(About this exercise)
Reproduce exactly the lines from the line containing "Some of the text" through the end of the records below, including both ends, and nothing else.
──────────────────────────────
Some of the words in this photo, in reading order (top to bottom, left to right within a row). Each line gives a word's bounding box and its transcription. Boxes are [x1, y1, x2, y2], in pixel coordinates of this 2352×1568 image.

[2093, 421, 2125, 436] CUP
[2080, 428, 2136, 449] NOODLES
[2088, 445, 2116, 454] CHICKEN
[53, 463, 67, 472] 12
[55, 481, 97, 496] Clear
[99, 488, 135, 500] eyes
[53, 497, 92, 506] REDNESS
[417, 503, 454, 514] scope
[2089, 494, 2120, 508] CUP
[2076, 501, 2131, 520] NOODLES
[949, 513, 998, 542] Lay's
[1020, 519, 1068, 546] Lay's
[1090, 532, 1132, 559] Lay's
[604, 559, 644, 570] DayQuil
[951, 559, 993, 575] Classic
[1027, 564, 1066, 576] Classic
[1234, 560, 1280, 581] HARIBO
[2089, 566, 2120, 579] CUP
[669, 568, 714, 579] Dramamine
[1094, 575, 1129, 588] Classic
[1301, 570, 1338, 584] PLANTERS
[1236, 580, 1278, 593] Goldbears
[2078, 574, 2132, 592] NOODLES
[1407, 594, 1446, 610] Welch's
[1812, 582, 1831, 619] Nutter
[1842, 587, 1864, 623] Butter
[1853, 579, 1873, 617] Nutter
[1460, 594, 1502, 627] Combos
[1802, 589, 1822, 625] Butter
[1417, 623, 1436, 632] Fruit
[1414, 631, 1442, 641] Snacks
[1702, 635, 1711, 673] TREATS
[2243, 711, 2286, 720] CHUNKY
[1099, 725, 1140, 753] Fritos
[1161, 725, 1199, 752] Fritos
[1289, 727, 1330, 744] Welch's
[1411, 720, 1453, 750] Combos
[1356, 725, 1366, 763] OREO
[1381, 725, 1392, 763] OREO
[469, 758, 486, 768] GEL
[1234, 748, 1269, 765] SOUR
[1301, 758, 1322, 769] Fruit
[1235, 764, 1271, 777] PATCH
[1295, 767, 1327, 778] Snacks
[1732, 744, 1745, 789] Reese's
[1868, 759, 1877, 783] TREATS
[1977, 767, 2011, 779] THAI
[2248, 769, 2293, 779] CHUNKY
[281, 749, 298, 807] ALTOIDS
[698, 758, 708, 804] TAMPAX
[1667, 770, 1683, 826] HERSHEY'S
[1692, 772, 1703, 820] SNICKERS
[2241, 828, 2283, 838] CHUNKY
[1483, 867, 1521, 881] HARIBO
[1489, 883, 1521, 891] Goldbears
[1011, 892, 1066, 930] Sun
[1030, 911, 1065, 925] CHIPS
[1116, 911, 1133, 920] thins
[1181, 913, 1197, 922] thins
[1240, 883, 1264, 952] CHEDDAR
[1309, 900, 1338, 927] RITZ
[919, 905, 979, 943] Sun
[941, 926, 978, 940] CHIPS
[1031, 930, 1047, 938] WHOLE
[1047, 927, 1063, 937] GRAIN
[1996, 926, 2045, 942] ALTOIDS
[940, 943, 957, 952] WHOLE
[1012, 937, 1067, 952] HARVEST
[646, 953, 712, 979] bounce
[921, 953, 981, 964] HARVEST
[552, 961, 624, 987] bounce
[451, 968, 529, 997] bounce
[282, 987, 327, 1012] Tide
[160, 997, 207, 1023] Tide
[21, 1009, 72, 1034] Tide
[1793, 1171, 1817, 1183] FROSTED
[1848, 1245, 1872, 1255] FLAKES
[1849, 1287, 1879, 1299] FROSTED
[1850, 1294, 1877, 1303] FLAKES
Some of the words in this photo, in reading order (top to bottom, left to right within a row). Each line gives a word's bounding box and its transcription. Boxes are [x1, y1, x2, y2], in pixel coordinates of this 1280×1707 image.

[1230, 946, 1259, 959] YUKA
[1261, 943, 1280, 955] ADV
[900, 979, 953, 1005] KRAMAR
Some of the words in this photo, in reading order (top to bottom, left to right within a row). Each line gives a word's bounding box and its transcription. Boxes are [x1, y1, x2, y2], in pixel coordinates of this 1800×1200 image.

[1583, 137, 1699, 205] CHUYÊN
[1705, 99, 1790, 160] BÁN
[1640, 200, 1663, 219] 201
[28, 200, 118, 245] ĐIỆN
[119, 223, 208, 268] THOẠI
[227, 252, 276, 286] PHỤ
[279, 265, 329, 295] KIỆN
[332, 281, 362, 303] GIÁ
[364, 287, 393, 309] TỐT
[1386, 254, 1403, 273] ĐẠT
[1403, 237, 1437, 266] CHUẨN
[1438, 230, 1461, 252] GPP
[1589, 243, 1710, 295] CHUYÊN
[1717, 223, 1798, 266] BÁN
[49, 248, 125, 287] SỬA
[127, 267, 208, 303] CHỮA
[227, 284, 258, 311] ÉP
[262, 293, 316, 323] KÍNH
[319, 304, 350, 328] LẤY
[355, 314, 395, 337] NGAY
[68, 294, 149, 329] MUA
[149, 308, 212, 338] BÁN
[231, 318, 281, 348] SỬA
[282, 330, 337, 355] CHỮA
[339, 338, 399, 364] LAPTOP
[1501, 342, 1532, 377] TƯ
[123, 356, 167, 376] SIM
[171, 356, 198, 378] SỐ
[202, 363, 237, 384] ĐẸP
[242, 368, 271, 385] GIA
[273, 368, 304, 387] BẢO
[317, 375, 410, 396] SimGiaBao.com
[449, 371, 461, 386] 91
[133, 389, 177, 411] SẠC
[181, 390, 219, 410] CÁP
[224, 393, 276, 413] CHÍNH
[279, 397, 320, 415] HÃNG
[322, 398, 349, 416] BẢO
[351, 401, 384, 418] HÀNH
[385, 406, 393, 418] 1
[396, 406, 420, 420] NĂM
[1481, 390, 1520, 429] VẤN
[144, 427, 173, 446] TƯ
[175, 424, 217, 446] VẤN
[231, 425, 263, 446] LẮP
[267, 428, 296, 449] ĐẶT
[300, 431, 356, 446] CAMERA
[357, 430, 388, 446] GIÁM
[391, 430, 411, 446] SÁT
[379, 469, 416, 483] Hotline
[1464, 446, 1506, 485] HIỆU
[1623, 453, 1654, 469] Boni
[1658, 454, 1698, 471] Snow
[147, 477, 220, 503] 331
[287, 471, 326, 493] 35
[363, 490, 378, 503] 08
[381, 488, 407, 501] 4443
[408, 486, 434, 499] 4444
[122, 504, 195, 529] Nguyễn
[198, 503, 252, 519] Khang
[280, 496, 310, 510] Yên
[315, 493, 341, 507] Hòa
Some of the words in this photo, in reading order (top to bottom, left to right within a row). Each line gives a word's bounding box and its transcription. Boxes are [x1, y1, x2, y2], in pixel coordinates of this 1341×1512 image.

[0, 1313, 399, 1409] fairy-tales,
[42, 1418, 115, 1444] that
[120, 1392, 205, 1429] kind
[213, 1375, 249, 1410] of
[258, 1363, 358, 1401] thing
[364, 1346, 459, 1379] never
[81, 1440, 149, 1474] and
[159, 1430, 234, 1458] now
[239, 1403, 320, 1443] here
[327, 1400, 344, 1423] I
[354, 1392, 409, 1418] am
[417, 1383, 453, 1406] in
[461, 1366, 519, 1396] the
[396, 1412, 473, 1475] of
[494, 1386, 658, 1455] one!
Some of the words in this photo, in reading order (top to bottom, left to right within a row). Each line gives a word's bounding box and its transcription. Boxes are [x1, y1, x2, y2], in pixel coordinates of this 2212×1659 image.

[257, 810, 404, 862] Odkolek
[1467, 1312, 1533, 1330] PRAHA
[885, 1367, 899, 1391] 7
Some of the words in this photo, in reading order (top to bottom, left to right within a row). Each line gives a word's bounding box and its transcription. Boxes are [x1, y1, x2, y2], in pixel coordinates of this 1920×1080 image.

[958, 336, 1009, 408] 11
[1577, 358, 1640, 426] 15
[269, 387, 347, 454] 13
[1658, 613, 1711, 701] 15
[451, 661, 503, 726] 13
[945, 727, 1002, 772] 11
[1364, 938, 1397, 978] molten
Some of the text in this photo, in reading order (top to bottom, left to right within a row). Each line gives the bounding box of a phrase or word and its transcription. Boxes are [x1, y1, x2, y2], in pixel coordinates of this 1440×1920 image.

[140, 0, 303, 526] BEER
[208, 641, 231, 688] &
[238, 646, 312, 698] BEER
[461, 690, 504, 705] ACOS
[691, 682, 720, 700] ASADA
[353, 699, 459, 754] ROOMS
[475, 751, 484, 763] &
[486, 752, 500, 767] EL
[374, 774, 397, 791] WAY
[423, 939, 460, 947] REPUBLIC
──────────────────────────────
(Output below)
Some of the text in this photo, in reading order (top to bottom, left to right within a row). Each line gives the bounding box of a phrase or word and its transcription. Boxes are [x1, y1, x2, y2], in pixel coordinates of this 1440×1920 image.

[140, 0, 303, 526] BEER
[208, 641, 231, 688] &
[238, 646, 312, 698] BEER
[461, 690, 504, 705] ACOS
[691, 682, 720, 700] ASADA
[353, 699, 459, 754] ROOMS
[475, 751, 484, 763] &
[486, 752, 500, 767] EL
[374, 774, 397, 791] WAY
[423, 939, 460, 947] REPUBLIC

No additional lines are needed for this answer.